▶ [TASK REQUIREMENTS] Pictures must not appear in your answer. Write out exactly the lines from the one with "this 1280×1707 image." through the last line of the entries below.
[RECORDS FOR THE EXERCISE — start]
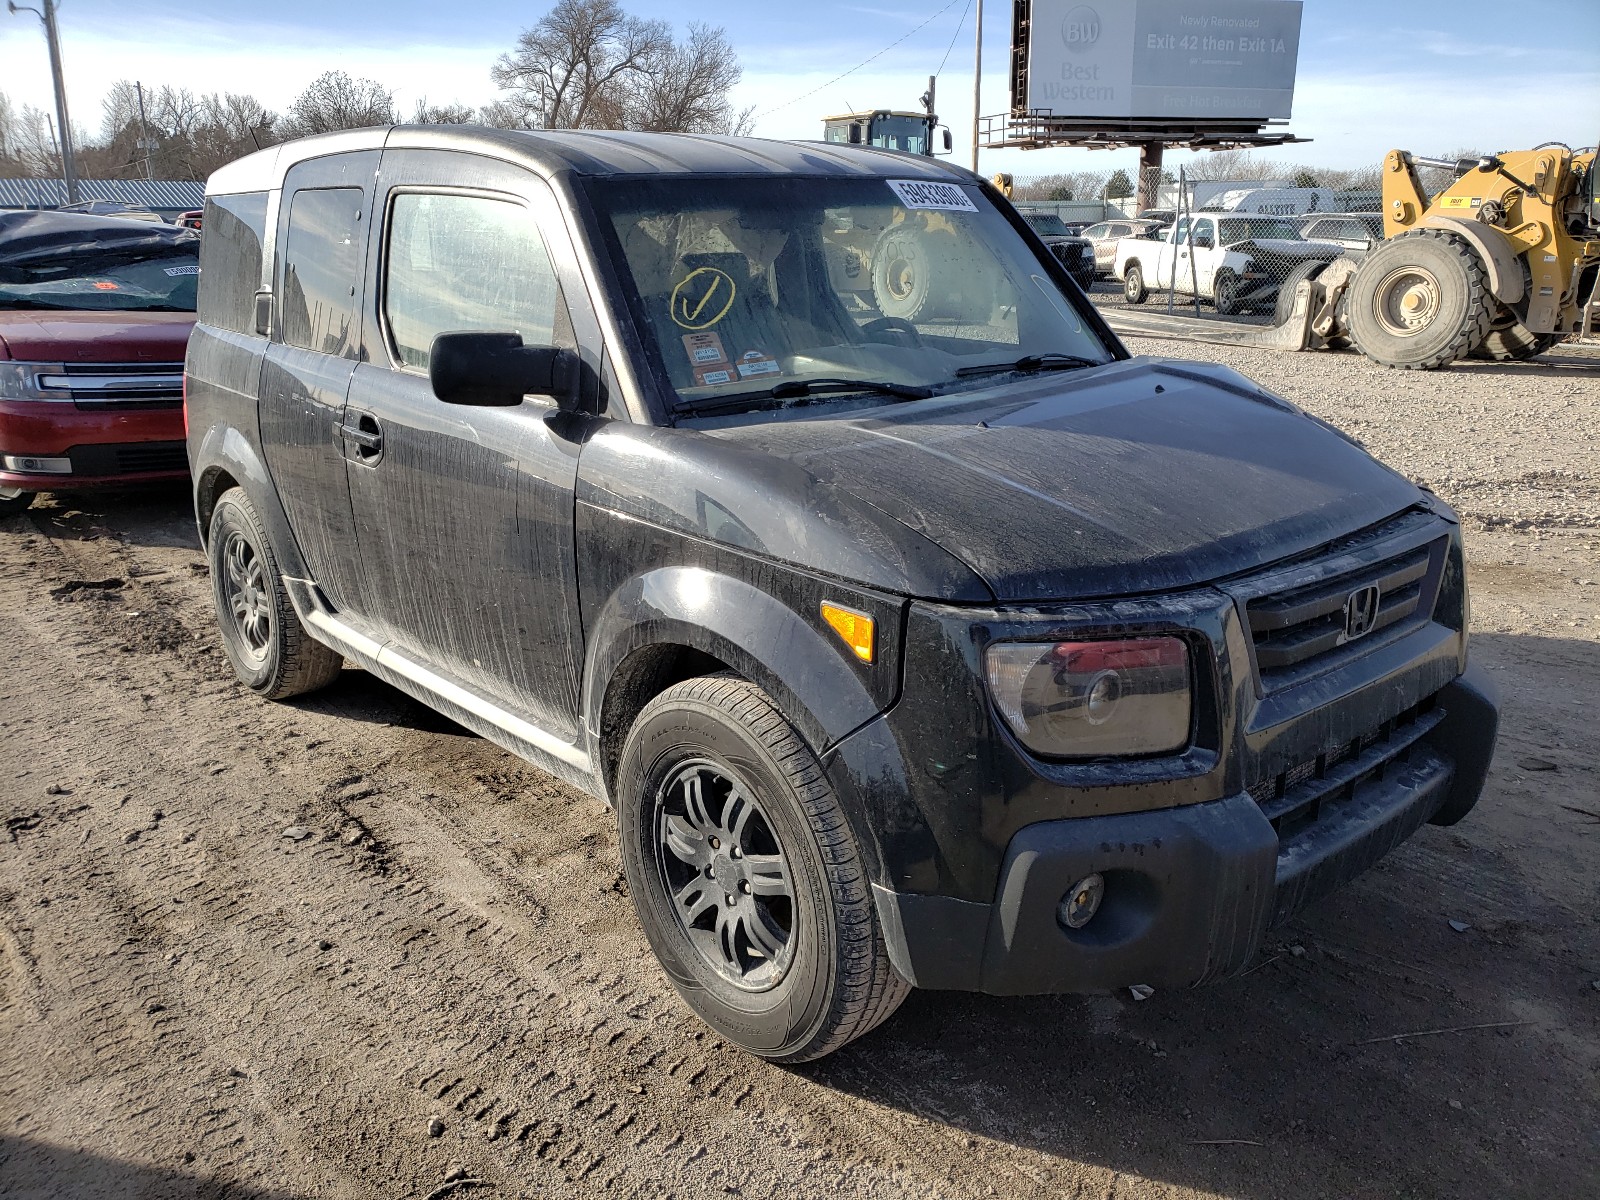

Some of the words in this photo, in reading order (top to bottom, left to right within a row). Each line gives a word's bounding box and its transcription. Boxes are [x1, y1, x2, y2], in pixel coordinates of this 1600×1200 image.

[1179, 15, 1209, 28] Newly
[1210, 15, 1260, 28] Renovated
[1066, 22, 1100, 43] BW
[1146, 33, 1176, 49] Exit
[1179, 35, 1199, 50] 42
[1202, 35, 1235, 51] then
[1238, 37, 1267, 52] Exit
[1270, 38, 1286, 53] 1A
[1061, 61, 1101, 81] Best
[1042, 81, 1115, 101] Western
[1189, 95, 1211, 107] Hot
[898, 183, 966, 206] 59433900
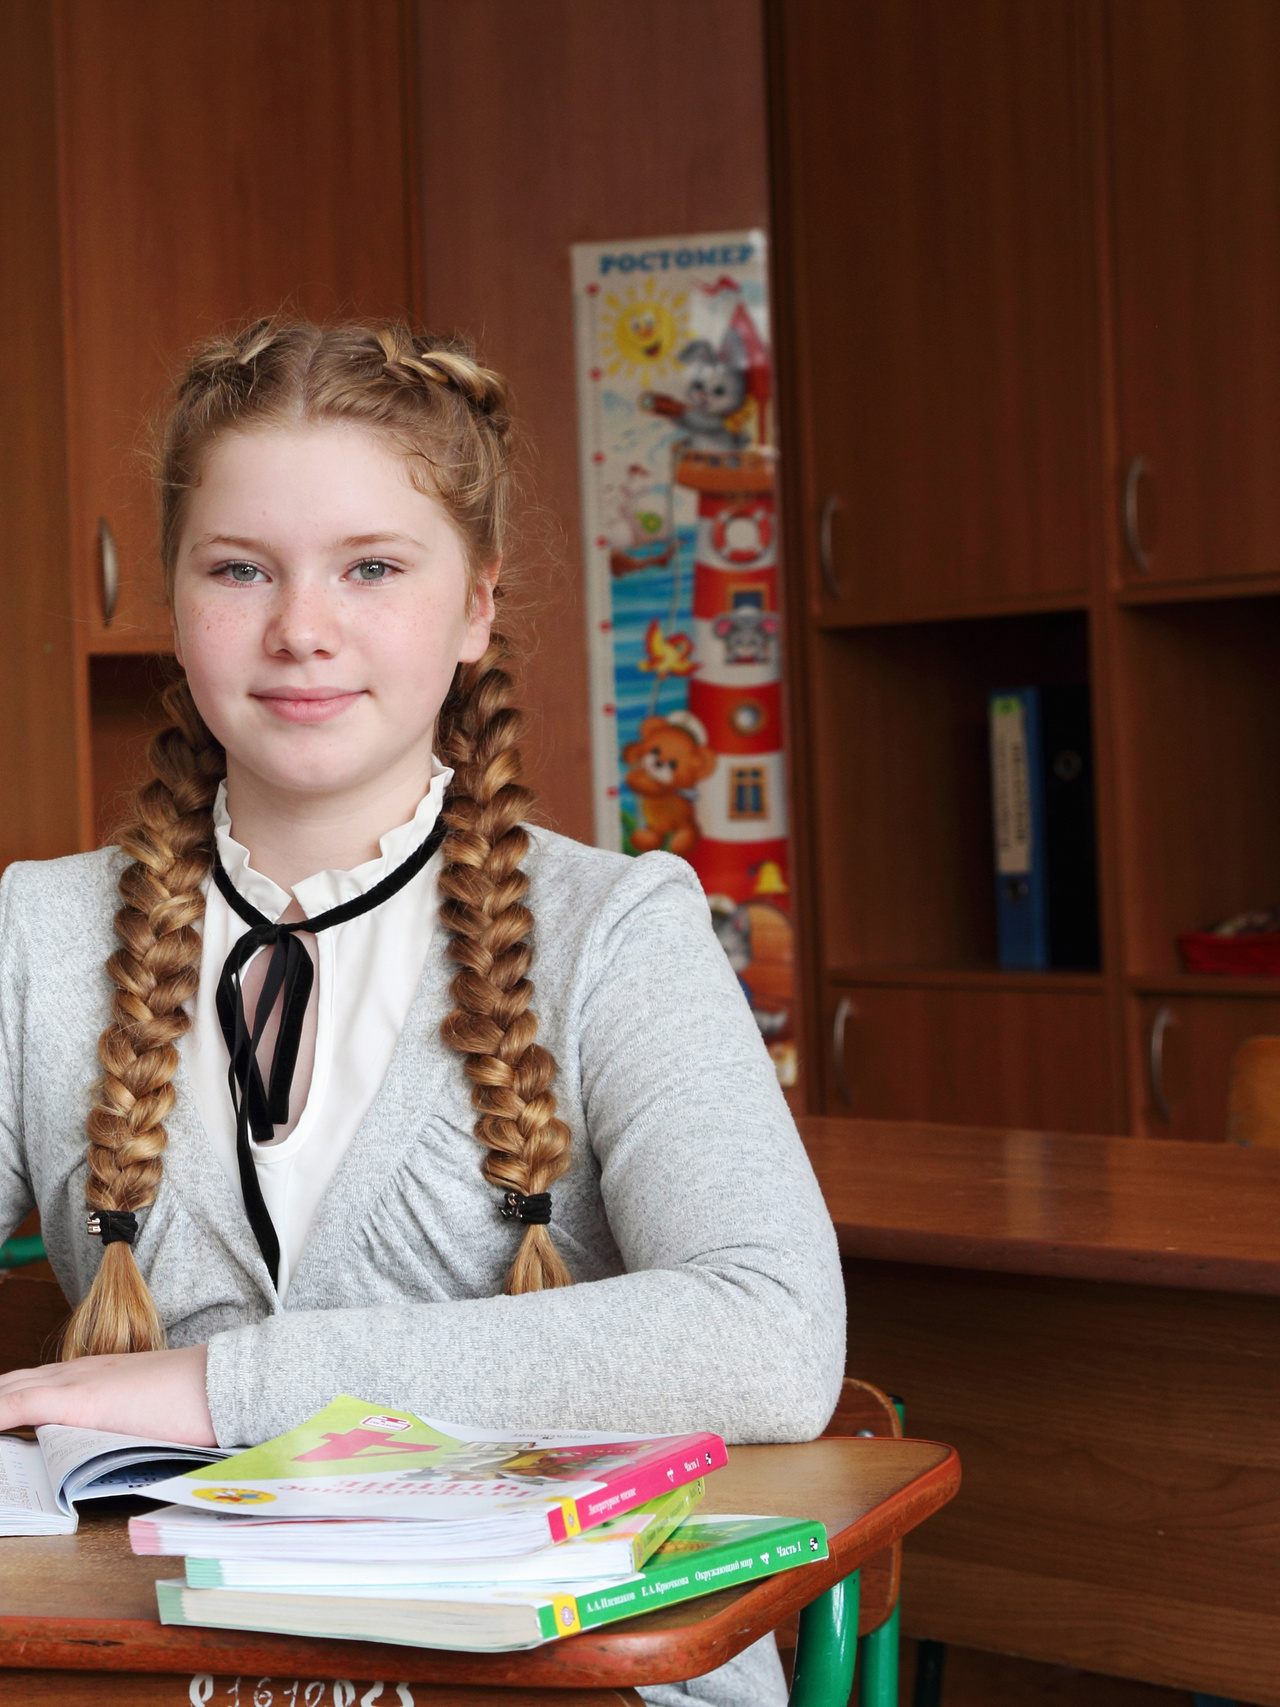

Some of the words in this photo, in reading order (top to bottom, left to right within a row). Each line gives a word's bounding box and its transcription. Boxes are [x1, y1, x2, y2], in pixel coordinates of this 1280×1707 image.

[599, 243, 755, 275] РОСТОМЕР
[289, 1428, 442, 1463] 4
[695, 1561, 740, 1582] Окружающий
[739, 1557, 754, 1571] мир
[776, 1542, 797, 1558] Часть
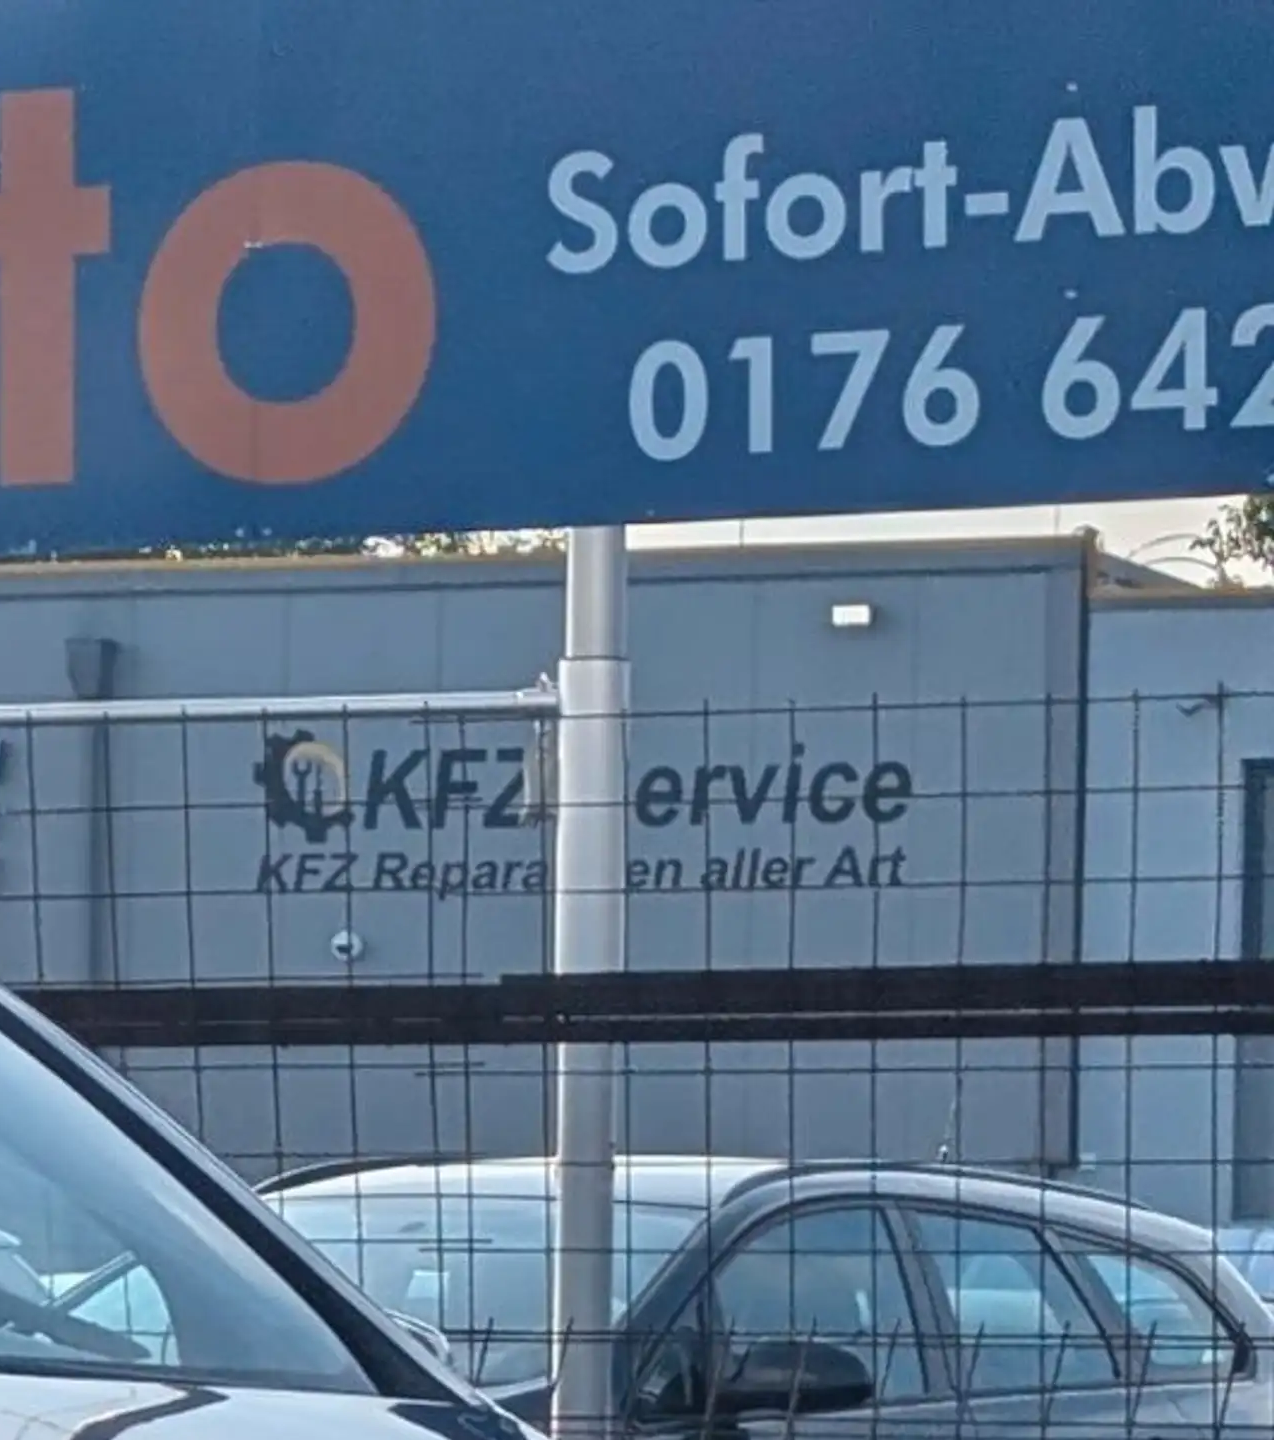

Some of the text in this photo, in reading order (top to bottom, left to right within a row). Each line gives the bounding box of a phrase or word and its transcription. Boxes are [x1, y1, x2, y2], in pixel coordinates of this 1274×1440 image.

[629, 324, 981, 462] 0176
[363, 742, 912, 829] KFZ ervice
[255, 853, 359, 892] KFZ
[700, 848, 816, 888] aller
[823, 846, 906, 887] Art
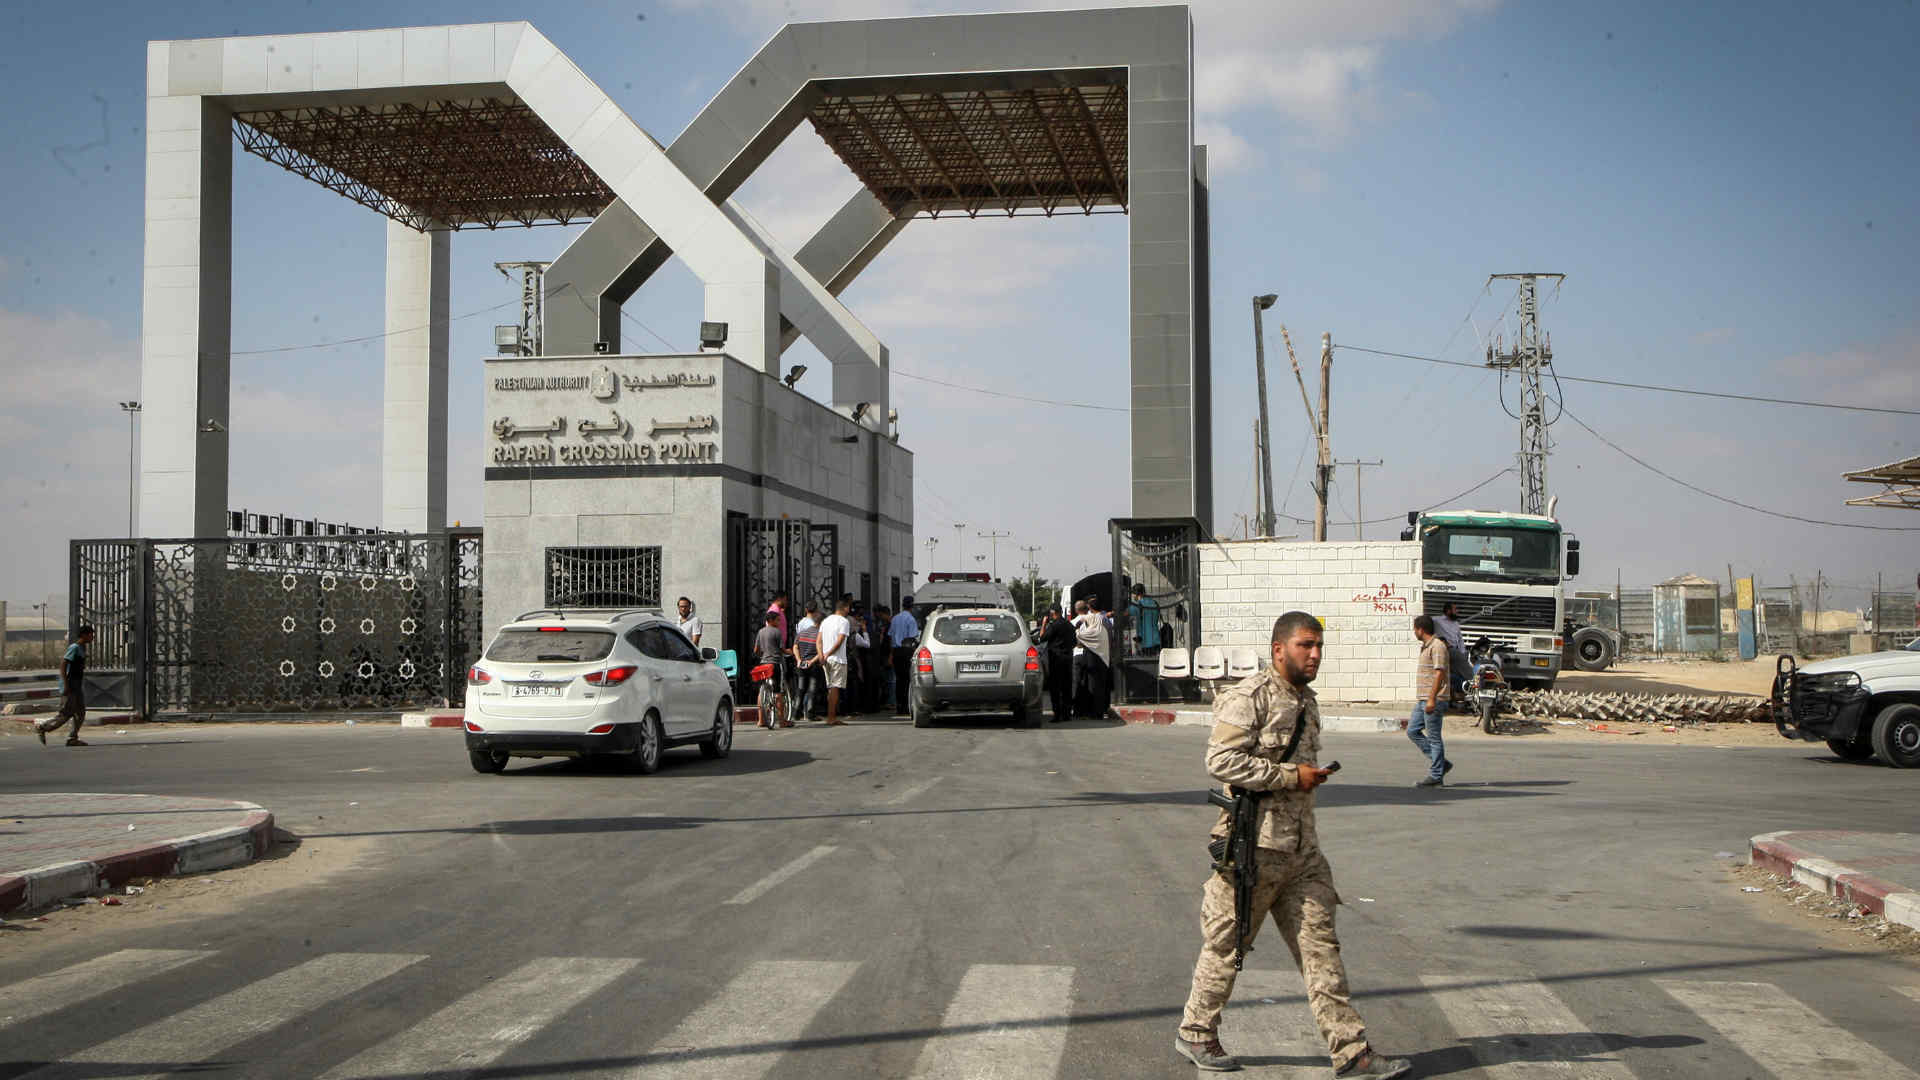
[RECORDS FOR THE EXERCISE — finish]
▶ [YOUR RESPONSE]
Some of the words in this photo, in reading order (top to bottom, left to right within a row). Each line gives a word's bounding box and its transcription. Boxes are [x1, y1, x2, y2], in pixel coordinates of this 1280×1707 image.

[599, 243, 755, 275] РОСТОМЕР
[289, 1428, 442, 1463] 4
[695, 1561, 740, 1582] Окружающий
[739, 1557, 754, 1571] мир
[776, 1542, 797, 1558] Часть

Some of the text in this photo, in reading order (top to bottom, left to right within a row). Each line gives the bounding box of a phrase or word and its transcription. Boxes are [x1, y1, x2, y2], in pixel coordinates of this 1274×1440 image.

[629, 324, 981, 462] 0176
[363, 742, 912, 829] KFZ ervice
[255, 853, 359, 892] KFZ
[700, 848, 816, 888] aller
[823, 846, 906, 887] Art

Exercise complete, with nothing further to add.